Version of Record online: 4/10/2025  |  DOI: 10.1111/jofi.13453

DAN LUO

An entrepreneur makes offers to multiple investors to fund a project that requires a minimum investment. Concerned about other investors' decisions, each investor strategically communicates information about the project to others. When investors have conflicts of interest, those with contractually stronger incentives to invest attempt to persuade others to invest. Depending on the project's ex ante quality, the entrepreneur may promise investors different returns to create conflicts of interest and induce persuasion, or may promise investors an identical return to align their interests and induce truthful communication. The paper illustrates a new motivation for syndication and hierarchy within syndicates.


How Much Does Racial Bias Affect Mortgage Lending? Evidence from Human and Algorithmic Credit Decisions

Version of Record online: 4/9/2025  |  DOI: 10.1111/jofi.13444

NEIL BHUTTA, AUREL HIZMO, DANIEL RINGO

We assess racial discrimination in mortgage approvals using confidential data on mortgage applications. Minority applicants tend to have lower credit scores and higher leverage, and are less likely to receive algorithmic approval from race‐blind automated underwriting systems (AUS). Observable applicant‐risk factors explain most of the racial disparities in lender denials. Further, exploiting the AUS data, we show there are risk factors we do not observe, and these factors at least partially explain the residual 1 to 2 percentage point denial gaps. We conclude that differential treatment plays a more limited role in generating denial disparities than previous research suggests.


Conflicting Priorities: A Theory of Covenants and Collateral

Version of Record online: 4/9/2025  |  DOI: 10.1111/jofi.13445

JASON RODERICK DONALDSON, DENIS GROMB, GIORGIA PIACENTINO

We develop a theory of secured debt, unsecured debt, and debt with anti‐dilution covenants. We assume that, as in practice, covenants convey the right to accelerate if violated, but the new secured debt retains its priority even if issued in violation of covenants. We find that such covenants are nonetheless useful: They provide state‐contingent financing flexibility, balancing over‐ and underinvestment incentives. The optimal debt structure is multilayered, combining secured and unsecured debt with and without covenants. Our results are consistent with observations about debt structure, covenant violations, and waivers. They speak to a policy debate about debt priority.

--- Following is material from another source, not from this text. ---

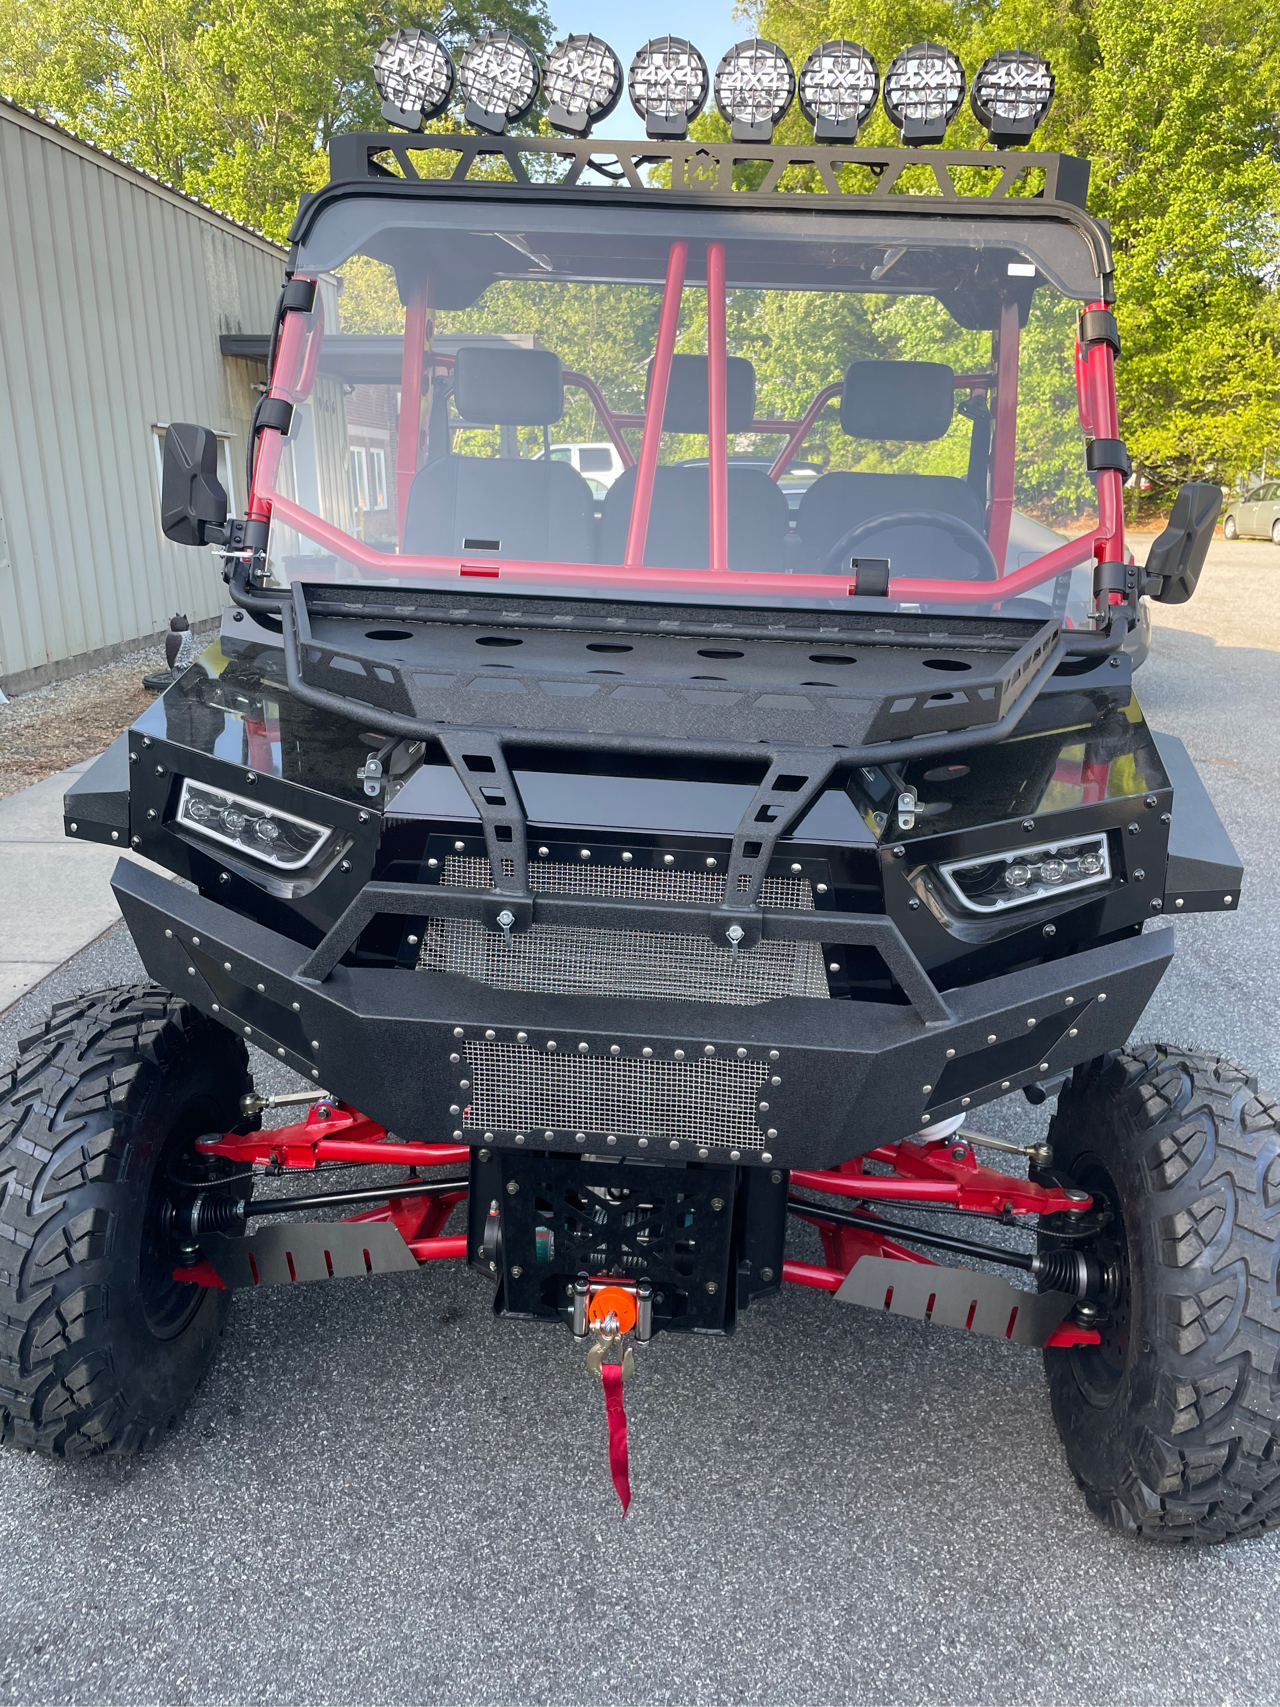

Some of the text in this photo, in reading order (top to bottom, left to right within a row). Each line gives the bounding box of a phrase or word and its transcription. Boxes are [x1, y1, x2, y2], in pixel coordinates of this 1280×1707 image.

Are CEOs Rewarded for Luck? Evidence from Corporate Tax Windfalls

Version of Record online: 4/9/2025  |  DOI: 10.1111/jofi.13448

MARTINA ANDREANI, ATIF ELLAHIE, LAKSHMANAN SHIVAKUMAR

Focusing on the one‐off tax gains and losses (i.e., windfalls) associated with the 2017 Tax Cuts and Jobs Act, we reexamine whether CEOs are rewarded for luck. We find that weakly monitored CEOs are compensated for the windfall tax gains but not penalized for the corresponding tax losses. No such pattern is observed for CEOs facing greater pay scrutiny. The pay for windfalls cannot be explained as rewards for CEOs’ efforts, talents, political activities, or as firms sharing their tax gains with all executives. The results are more consistent with rent extraction by CEOs facing weak pay scrutiny.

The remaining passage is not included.